Der Amokläufer Johann Gautsch erschoss zunächst den 39-jährigen Computertechniker Harald Moser sowie dessen 40-jährige Lebensgefährtin Gabrielle Artner und deren dreijährige Tochter Elisabeth. Die einjährige Tochter Magdalena übersah der Täter in ihrem Gitterbett – sie kam mit dem Leben davon und wurde zur Vollwaise. Zu Fuß begab er sich zum Haus Nr. 288, wo der 55-jährige Schuldirektor und Vizebürgermeister Wernfried Gappmayer wohnte. Als dieser die Tür öffnete, wurde er von Gautsch mit mehreren Schüssen niedergestreckt.

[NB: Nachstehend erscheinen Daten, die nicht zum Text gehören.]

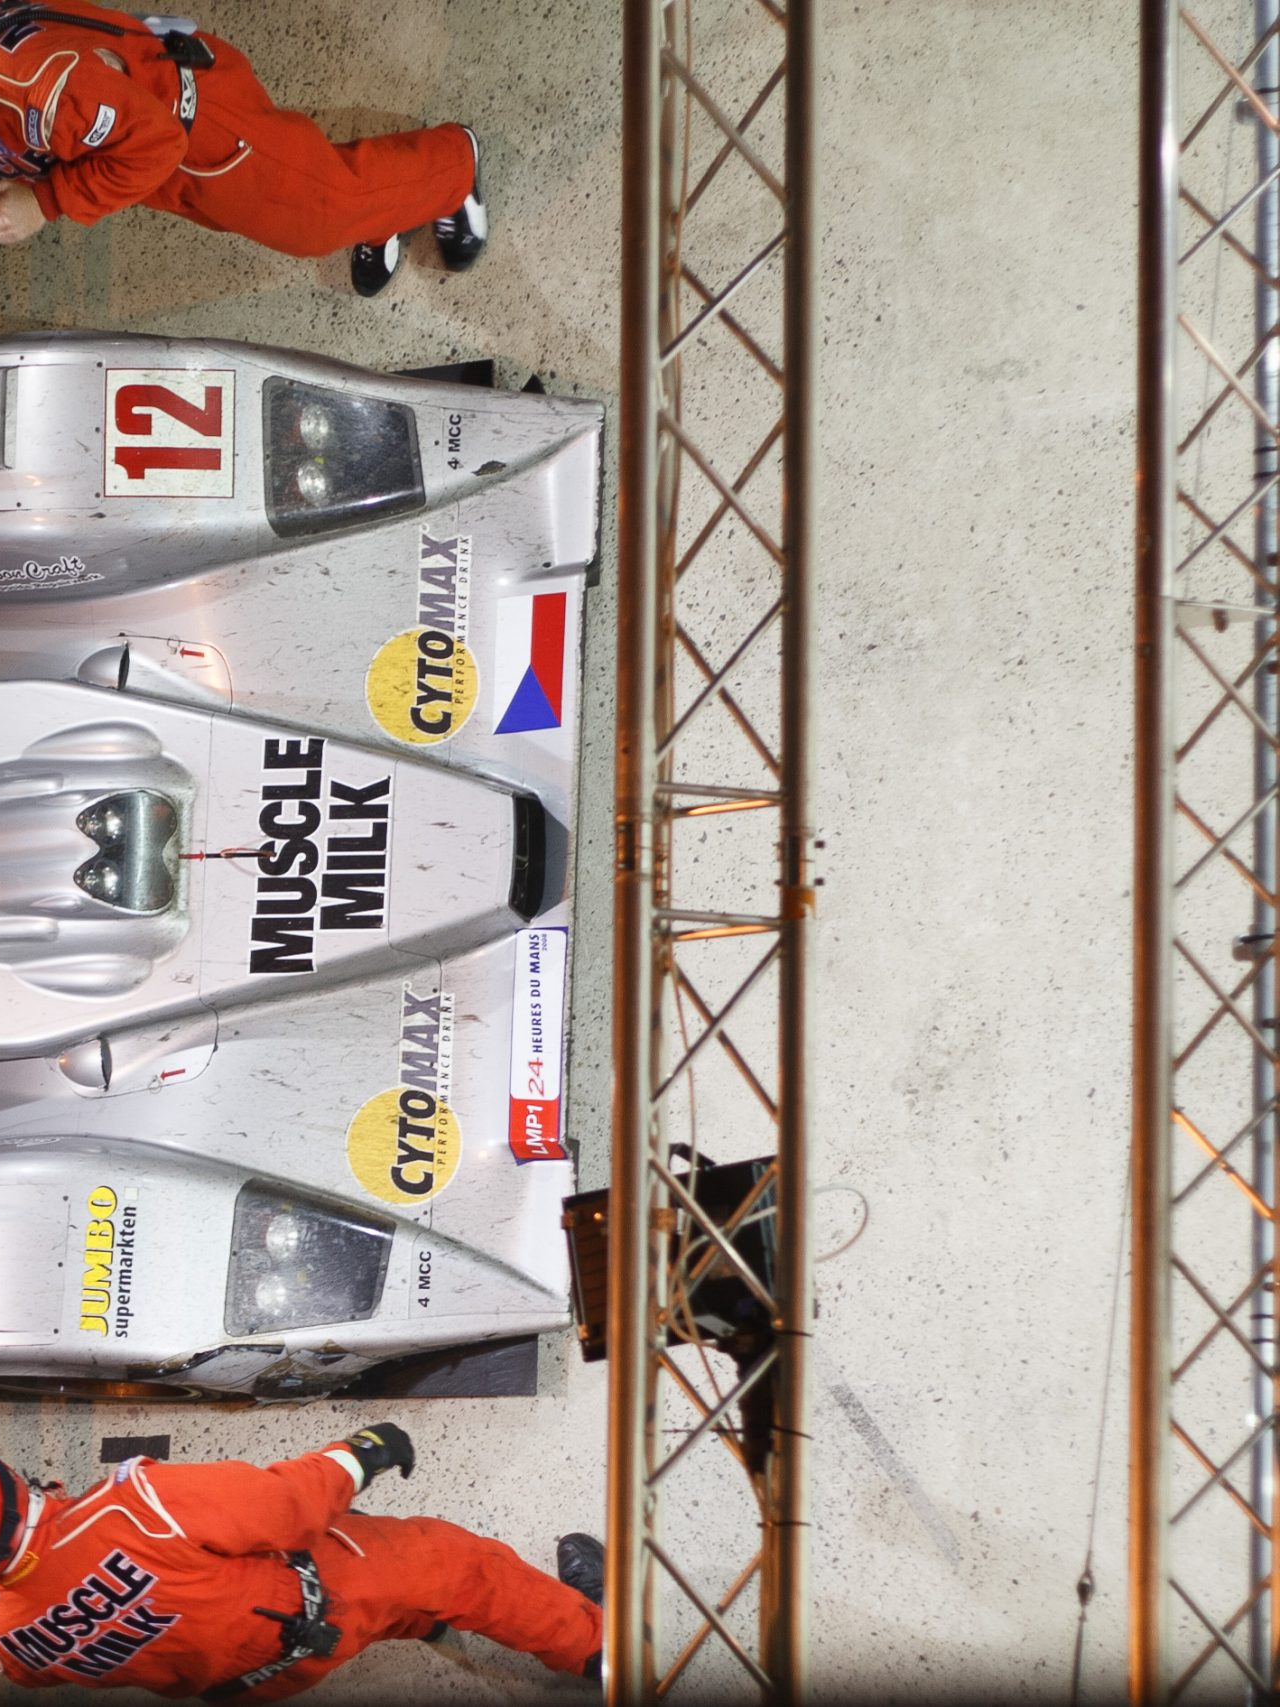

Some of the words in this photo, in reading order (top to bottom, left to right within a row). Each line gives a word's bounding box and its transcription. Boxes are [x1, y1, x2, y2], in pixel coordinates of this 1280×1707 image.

[114, 384, 223, 480] 12
[448, 413, 462, 452] MCC
[447, 457, 460, 470] 4
[459, 536, 470, 584] DRINK
[410, 532, 461, 735] CYTOMAX
[454, 591, 467, 706] PERFORMANCE
[248, 736, 325, 974] MUSCLE
[319, 775, 392, 930] MILK
[529, 933, 541, 974] MANS
[530, 979, 542, 998] DU
[442, 993, 454, 1042] DRINK
[531, 1003, 543, 1053] HEURES
[391, 989, 441, 1195] CYTOMAX
[527, 1059, 545, 1098] 24
[437, 1052, 450, 1165] PERFORMANCE
[526, 1103, 549, 1157] LMP1
[79, 1185, 118, 1338] JUMBO
[115, 1205, 137, 1339] supermarkten
[419, 1250, 431, 1290] MCC
[418, 1296, 430, 1308] 4
[59, 1603, 183, 1679] MILK
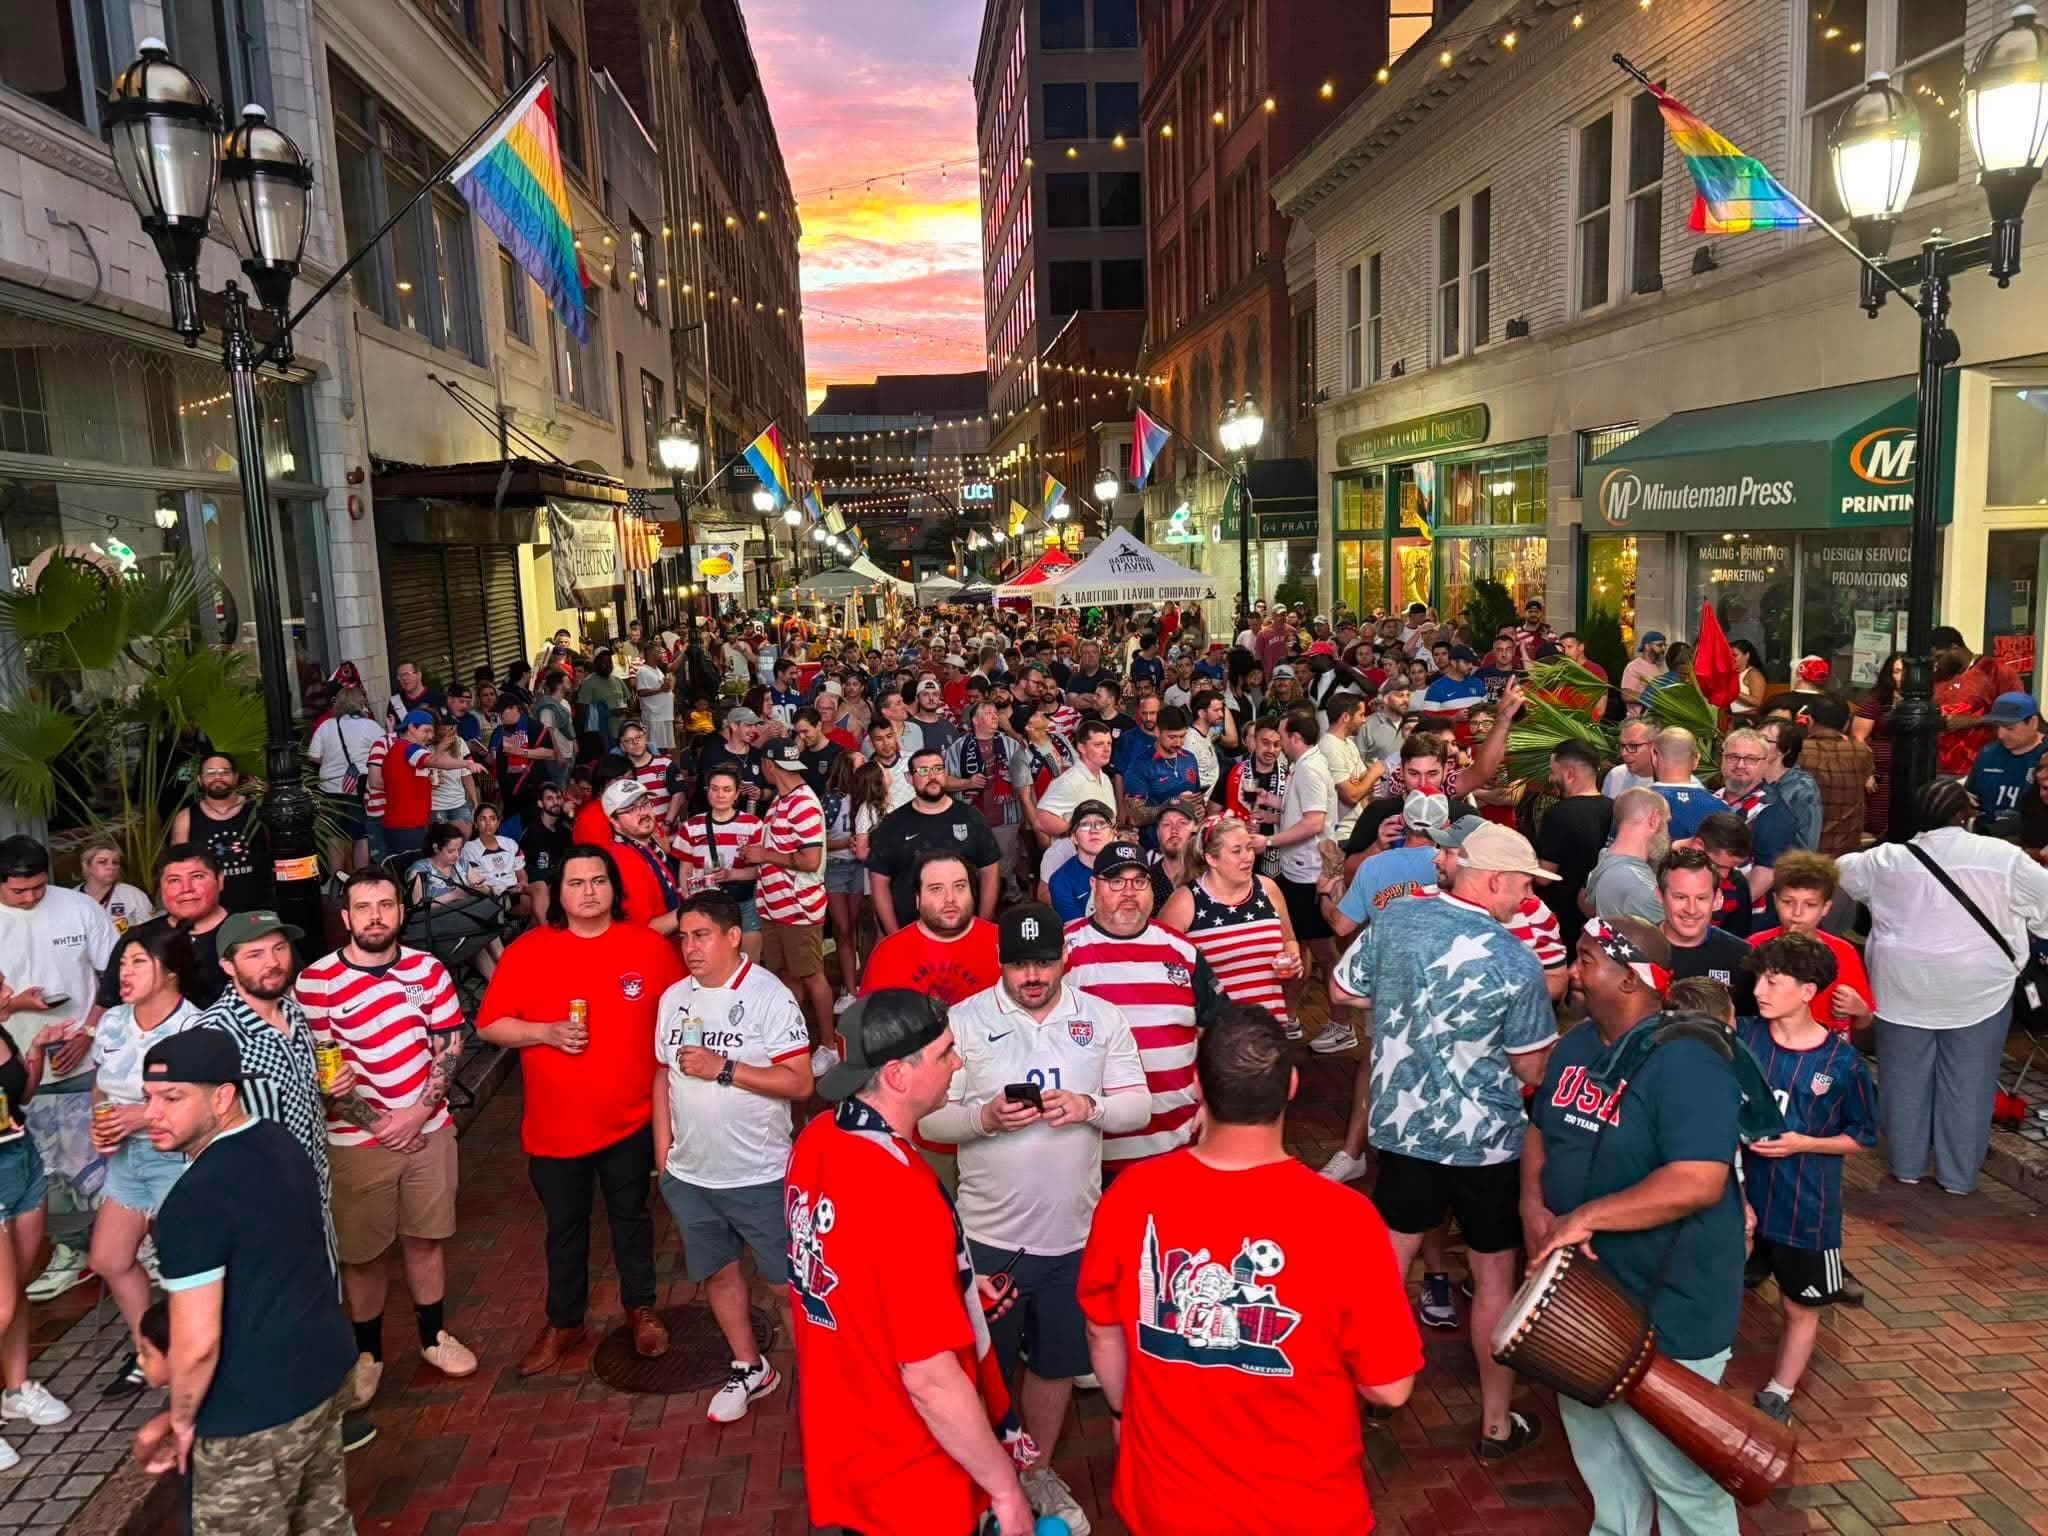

Nur zehn Minuten später war der 36-Jährige bereits bei der Wohnung des 19-jährigen Bundesheerangestellten Stefan Bader und dessen 22-jähriger Freundin Irene Schitter angelangt. Auch sie öffneten dem Bekannten ahnungslos die Tür und büßten dies mit ihrem Leben.

Als am nächsten Morgen bereits nach ihm gefahndet wurde, beging Gautsch durch einen Kopfschuss Selbstmord. In hinterlassenen Schreiben schrieb er von einer „Elisabeth“, die „den Dämon übertragen“ habe, weiters von einem „Teufel“, der in ihn „gepflanzt“ worden sei, sowie einem „Feuer“, das „seit langer Zeit“ in ihm brenne.

Gautsch war ein echter „Waffennarr“: Neben den zwei Tatwaffen – einer Walther PPK 765 und einer Smith & Wesson .357 Magnum – fanden die Beamten bei der Durchsuchung der Wohnung von Gautsch vier weitere Pistolen, insgesamt fünf Gewehre sowie zehn Kilogramm Schwarzpulver und 1.000 Schuss Munition.

Der Amoklauf des 36-jährigen Mechanikers Gautsch brachte eine Diskussion in Österreich über die Waffengesetze in Gang. SPÖ, Grüne und das Liberale Forum forderten eine Verschärfung des Waffengesetzes, die ÖVP sprach sich gegen ein solches Vorgehen („Anlassgesetzgebung“) aus. Auch in der Regierung wurde eine Änderung diskutiert, doch zwischen den Koalitionspartnern gab es unterschiedliche Auffassungen. Die SPÖ wollte das Waffengesetz verschärfen, der damalige Bundeskanzler Viktor Klima sprach sich sogar für die Abschaffung des Waffenbesitzscheines aus. Die ÖVP war dagegen: Vizekanzler Wolfgang Schüssel meinte, Österreich habe bereits eines der schärfsten Waffengesetze Europas.